Time is running out to order and purchase a turkey from Maine's small turkey producers. Fears of a shortage and increased interest in locally sourced poultry have created a high demand for the birds this Thanksgiving. Credit: Julia Bayly / BDN

In 40 years of raising turkeys on his Mercer farm, Scott Greaney said he’s never seen anything like this year: It’s the first time he’s been sold out of turkeys months before Thanksgiving.

“Just when you think you’ve seen it all, I sold out in September,” Greaney, who operates Greaney’s Turkey Farm said. Greaney sells turkeys wholesale and retail and said there was heavy demand in both this year. “We could not take on any more stores and even if I wanted to, my wife would have me sleeping in the barn if I did.”

With just over two weeks until Thanksgiving, Mainers who haven’t yet ordered their locally sourced turkey may have to put extra effort into finding their bird this year — and be prepared to pay more for it if you do manage to find one.

Turkey farmers are reporting dwindling numbers and even waiting lists for those wanting a local bird for the Thanksgiving table. Much of this, according to those who raise turkeys in Maine, is due to the double whammy coming from reports of a national turkey shortage and a growing interest in sourcing local food in the wake of the pandemic.
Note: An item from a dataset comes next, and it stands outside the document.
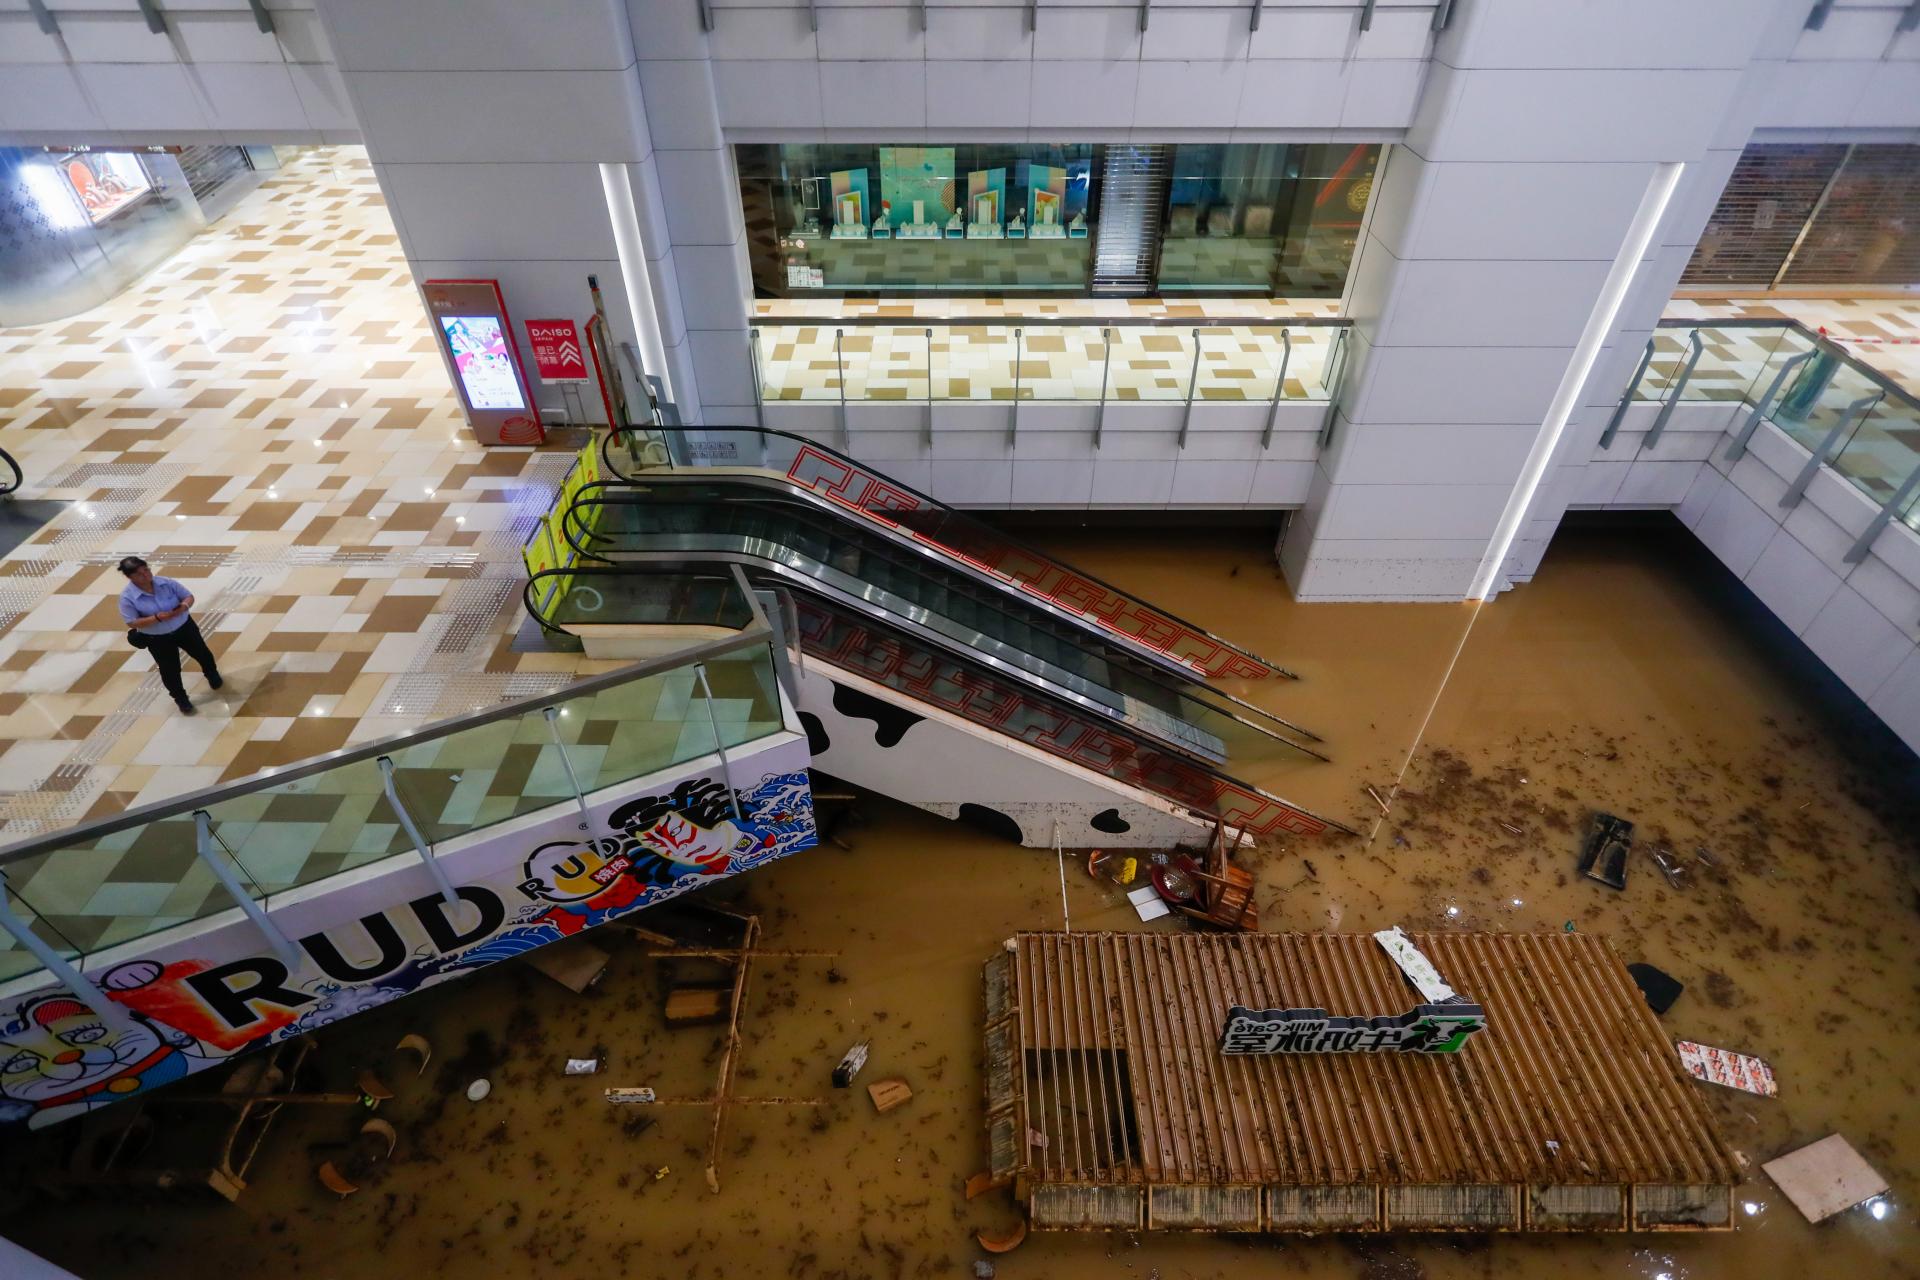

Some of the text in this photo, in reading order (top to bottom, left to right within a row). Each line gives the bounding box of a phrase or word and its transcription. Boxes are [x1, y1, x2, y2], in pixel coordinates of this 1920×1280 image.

On the national level, industry officials are saying any fears of a turkey shortage this year are unfounded, despite millions of the birds being euthanized due to outbreaks of the deadly avian influenza earlier this year.

“If you are looking for a turkey product this Thanksgiving, you’ll be able to find one,” according to Joel Brandenberger, president of the National Turkey Federation. “There has been a lot of discussion about whether avian influenza or the general economy is going to affect this holiday season [but] there will be an ample supply of turkeys available.”

Commercially raised turkeys are currently selling for between $1.69 and $2.99 per pound in the Bangor area.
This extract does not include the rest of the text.